[Spatial localization data]
+-------+
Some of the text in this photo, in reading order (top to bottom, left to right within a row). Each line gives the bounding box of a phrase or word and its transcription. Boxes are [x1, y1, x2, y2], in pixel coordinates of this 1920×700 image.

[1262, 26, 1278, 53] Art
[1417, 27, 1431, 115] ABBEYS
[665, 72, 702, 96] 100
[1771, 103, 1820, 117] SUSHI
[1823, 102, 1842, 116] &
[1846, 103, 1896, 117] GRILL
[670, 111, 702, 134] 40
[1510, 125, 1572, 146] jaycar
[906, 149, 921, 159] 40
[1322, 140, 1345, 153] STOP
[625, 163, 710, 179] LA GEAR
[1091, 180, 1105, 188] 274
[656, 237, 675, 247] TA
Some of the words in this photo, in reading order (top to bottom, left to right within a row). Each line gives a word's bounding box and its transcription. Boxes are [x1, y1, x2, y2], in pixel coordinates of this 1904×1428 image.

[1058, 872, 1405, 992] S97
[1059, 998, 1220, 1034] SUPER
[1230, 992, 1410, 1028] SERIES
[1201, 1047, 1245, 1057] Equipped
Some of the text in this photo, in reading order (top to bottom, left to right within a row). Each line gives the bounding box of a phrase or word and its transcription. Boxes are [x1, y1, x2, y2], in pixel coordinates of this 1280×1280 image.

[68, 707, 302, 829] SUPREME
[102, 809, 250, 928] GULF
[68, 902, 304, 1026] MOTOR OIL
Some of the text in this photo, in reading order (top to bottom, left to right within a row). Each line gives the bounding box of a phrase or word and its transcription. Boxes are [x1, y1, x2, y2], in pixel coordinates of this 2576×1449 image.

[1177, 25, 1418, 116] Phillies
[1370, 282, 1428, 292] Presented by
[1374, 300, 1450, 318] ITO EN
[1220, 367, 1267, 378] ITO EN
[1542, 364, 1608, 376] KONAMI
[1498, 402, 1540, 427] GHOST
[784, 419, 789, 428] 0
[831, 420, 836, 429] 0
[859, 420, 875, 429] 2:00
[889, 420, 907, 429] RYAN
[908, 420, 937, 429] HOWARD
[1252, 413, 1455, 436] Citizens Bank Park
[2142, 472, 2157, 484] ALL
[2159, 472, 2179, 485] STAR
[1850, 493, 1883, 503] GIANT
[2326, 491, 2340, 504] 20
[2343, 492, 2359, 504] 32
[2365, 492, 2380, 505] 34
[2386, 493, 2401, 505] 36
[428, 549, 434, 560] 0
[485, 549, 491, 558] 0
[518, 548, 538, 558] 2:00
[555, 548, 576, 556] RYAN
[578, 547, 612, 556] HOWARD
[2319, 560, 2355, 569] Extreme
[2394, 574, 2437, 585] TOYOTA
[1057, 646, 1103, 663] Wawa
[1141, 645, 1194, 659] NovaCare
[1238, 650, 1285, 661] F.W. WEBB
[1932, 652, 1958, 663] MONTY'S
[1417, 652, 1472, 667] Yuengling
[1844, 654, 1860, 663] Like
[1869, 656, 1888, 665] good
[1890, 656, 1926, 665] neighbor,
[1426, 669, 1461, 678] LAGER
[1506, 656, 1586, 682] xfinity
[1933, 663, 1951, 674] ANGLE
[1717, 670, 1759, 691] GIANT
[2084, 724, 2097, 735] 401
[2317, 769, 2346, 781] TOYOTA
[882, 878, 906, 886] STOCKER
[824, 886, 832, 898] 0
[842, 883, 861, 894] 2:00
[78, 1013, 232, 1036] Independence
+-------+
### WORK ORDER
Every entry must be output again exactly as it was given.

### RESPONSE AREA
Some of the text in this photo, in reading order (top to bottom, left to right within a row). Each line gives the bounding box of a phrase or word and its transcription. Boxes are [x1, y1, x2, y2], in pixel coordinates of this 1920×700 image.

[1262, 26, 1278, 53] Art
[1417, 27, 1431, 115] ABBEYS
[665, 72, 702, 96] 100
[1771, 103, 1820, 117] SUSHI
[1823, 102, 1842, 116] &
[1846, 103, 1896, 117] GRILL
[670, 111, 702, 134] 40
[1510, 125, 1572, 146] jaycar
[906, 149, 921, 159] 40
[1322, 140, 1345, 153] STOP
[625, 163, 710, 179] LA GEAR
[1091, 180, 1105, 188] 274
[656, 237, 675, 247] TA
Some of the words in this photo, in reading order (top to bottom, left to right within a row). Each line gives a word's bounding box and its transcription. Boxes are [x1, y1, x2, y2], in pixel coordinates of this 1904×1428 image.

[1058, 872, 1405, 992] S97
[1059, 998, 1220, 1034] SUPER
[1230, 992, 1410, 1028] SERIES
[1201, 1047, 1245, 1057] Equipped
Some of the text in this photo, in reading order (top to bottom, left to right within a row). Each line gives the bounding box of a phrase or word and its transcription. Boxes are [x1, y1, x2, y2], in pixel coordinates of this 1280×1280 image.

[68, 707, 302, 829] SUPREME
[102, 809, 250, 928] GULF
[68, 902, 304, 1026] MOTOR OIL
Some of the text in this photo, in reading order (top to bottom, left to right within a row). Each line gives the bounding box of a phrase or word and its transcription. Boxes are [x1, y1, x2, y2], in pixel coordinates of this 2576×1449 image.

[1177, 25, 1418, 116] Phillies
[1370, 282, 1428, 292] Presented by
[1374, 300, 1450, 318] ITO EN
[1220, 367, 1267, 378] ITO EN
[1542, 364, 1608, 376] KONAMI
[1498, 402, 1540, 427] GHOST
[784, 419, 789, 428] 0
[831, 420, 836, 429] 0
[859, 420, 875, 429] 2:00
[889, 420, 907, 429] RYAN
[908, 420, 937, 429] HOWARD
[1252, 413, 1455, 436] Citizens Bank Park
[2142, 472, 2157, 484] ALL
[2159, 472, 2179, 485] STAR
[1850, 493, 1883, 503] GIANT
[2326, 491, 2340, 504] 20
[2343, 492, 2359, 504] 32
[2365, 492, 2380, 505] 34
[2386, 493, 2401, 505] 36
[428, 549, 434, 560] 0
[485, 549, 491, 558] 0
[518, 548, 538, 558] 2:00
[555, 548, 576, 556] RYAN
[578, 547, 612, 556] HOWARD
[2319, 560, 2355, 569] Extreme
[2394, 574, 2437, 585] TOYOTA
[1057, 646, 1103, 663] Wawa
[1141, 645, 1194, 659] NovaCare
[1238, 650, 1285, 661] F.W. WEBB
[1932, 652, 1958, 663] MONTY'S
[1417, 652, 1472, 667] Yuengling
[1844, 654, 1860, 663] Like
[1869, 656, 1888, 665] good
[1890, 656, 1926, 665] neighbor,
[1426, 669, 1461, 678] LAGER
[1506, 656, 1586, 682] xfinity
[1933, 663, 1951, 674] ANGLE
[1717, 670, 1759, 691] GIANT
[2084, 724, 2097, 735] 401
[2317, 769, 2346, 781] TOYOTA
[882, 878, 906, 886] STOCKER
[824, 886, 832, 898] 0
[842, 883, 861, 894] 2:00
[78, 1013, 232, 1036] Independence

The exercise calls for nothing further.